» What to produce
Each line of the listing below must be retyped as given.
[Stored data Boundary: Start]
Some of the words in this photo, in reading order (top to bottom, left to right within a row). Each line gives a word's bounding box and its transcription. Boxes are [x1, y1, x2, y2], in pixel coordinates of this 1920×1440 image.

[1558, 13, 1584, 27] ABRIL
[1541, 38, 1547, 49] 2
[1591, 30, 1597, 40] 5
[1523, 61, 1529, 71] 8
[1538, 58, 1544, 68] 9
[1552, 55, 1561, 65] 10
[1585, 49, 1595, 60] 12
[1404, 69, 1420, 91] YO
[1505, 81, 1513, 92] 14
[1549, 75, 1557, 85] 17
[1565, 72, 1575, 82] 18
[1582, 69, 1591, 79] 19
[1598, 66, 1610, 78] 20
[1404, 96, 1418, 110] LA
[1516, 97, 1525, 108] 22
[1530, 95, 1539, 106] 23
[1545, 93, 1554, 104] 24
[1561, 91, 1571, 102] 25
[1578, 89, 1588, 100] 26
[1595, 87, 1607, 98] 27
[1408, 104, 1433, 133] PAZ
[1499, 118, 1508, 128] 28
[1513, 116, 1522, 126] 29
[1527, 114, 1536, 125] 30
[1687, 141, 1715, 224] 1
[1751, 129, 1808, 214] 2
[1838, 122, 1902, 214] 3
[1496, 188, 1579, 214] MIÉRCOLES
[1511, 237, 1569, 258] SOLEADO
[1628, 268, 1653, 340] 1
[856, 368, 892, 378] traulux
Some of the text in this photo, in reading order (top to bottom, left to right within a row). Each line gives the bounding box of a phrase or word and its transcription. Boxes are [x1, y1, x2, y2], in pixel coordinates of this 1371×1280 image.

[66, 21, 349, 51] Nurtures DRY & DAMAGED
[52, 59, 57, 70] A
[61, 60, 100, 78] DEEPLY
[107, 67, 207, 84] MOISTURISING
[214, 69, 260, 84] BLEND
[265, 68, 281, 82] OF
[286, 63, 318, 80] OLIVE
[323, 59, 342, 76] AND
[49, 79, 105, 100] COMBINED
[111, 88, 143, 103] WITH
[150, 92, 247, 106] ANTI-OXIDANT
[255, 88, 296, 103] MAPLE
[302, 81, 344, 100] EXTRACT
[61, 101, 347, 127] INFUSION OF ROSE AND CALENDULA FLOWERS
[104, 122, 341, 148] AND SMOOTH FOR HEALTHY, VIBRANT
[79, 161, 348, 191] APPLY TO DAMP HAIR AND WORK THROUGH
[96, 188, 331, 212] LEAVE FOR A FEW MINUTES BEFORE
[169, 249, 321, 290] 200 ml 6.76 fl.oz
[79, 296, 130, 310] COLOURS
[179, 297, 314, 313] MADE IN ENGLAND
[Stored data Boundary: End]
» Exercise response
Some of the words in this photo, in reading order (top to bottom, left to right within a row). Each line gives a word's bounding box and its transcription. Boxes are [x1, y1, x2, y2], in pixel coordinates of this 1920×1440 image.

[1558, 13, 1584, 27] ABRIL
[1541, 38, 1547, 49] 2
[1591, 30, 1597, 40] 5
[1523, 61, 1529, 71] 8
[1538, 58, 1544, 68] 9
[1552, 55, 1561, 65] 10
[1585, 49, 1595, 60] 12
[1404, 69, 1420, 91] YO
[1505, 81, 1513, 92] 14
[1549, 75, 1557, 85] 17
[1565, 72, 1575, 82] 18
[1582, 69, 1591, 79] 19
[1598, 66, 1610, 78] 20
[1404, 96, 1418, 110] LA
[1516, 97, 1525, 108] 22
[1530, 95, 1539, 106] 23
[1545, 93, 1554, 104] 24
[1561, 91, 1571, 102] 25
[1578, 89, 1588, 100] 26
[1595, 87, 1607, 98] 27
[1408, 104, 1433, 133] PAZ
[1499, 118, 1508, 128] 28
[1513, 116, 1522, 126] 29
[1527, 114, 1536, 125] 30
[1687, 141, 1715, 224] 1
[1751, 129, 1808, 214] 2
[1838, 122, 1902, 214] 3
[1496, 188, 1579, 214] MIÉRCOLES
[1511, 237, 1569, 258] SOLEADO
[1628, 268, 1653, 340] 1
[856, 368, 892, 378] traulux
Some of the text in this photo, in reading order (top to bottom, left to right within a row). Each line gives the bounding box of a phrase or word and its transcription. Boxes are [x1, y1, x2, y2], in pixel coordinates of this 1371×1280 image.

[66, 21, 349, 51] Nurtures DRY & DAMAGED
[52, 59, 57, 70] A
[61, 60, 100, 78] DEEPLY
[107, 67, 207, 84] MOISTURISING
[214, 69, 260, 84] BLEND
[265, 68, 281, 82] OF
[286, 63, 318, 80] OLIVE
[323, 59, 342, 76] AND
[49, 79, 105, 100] COMBINED
[111, 88, 143, 103] WITH
[150, 92, 247, 106] ANTI-OXIDANT
[255, 88, 296, 103] MAPLE
[302, 81, 344, 100] EXTRACT
[61, 101, 347, 127] INFUSION OF ROSE AND CALENDULA FLOWERS
[104, 122, 341, 148] AND SMOOTH FOR HEALTHY, VIBRANT
[79, 161, 348, 191] APPLY TO DAMP HAIR AND WORK THROUGH
[96, 188, 331, 212] LEAVE FOR A FEW MINUTES BEFORE
[169, 249, 321, 290] 200 ml 6.76 fl.oz
[79, 296, 130, 310] COLOURS
[179, 297, 314, 313] MADE IN ENGLAND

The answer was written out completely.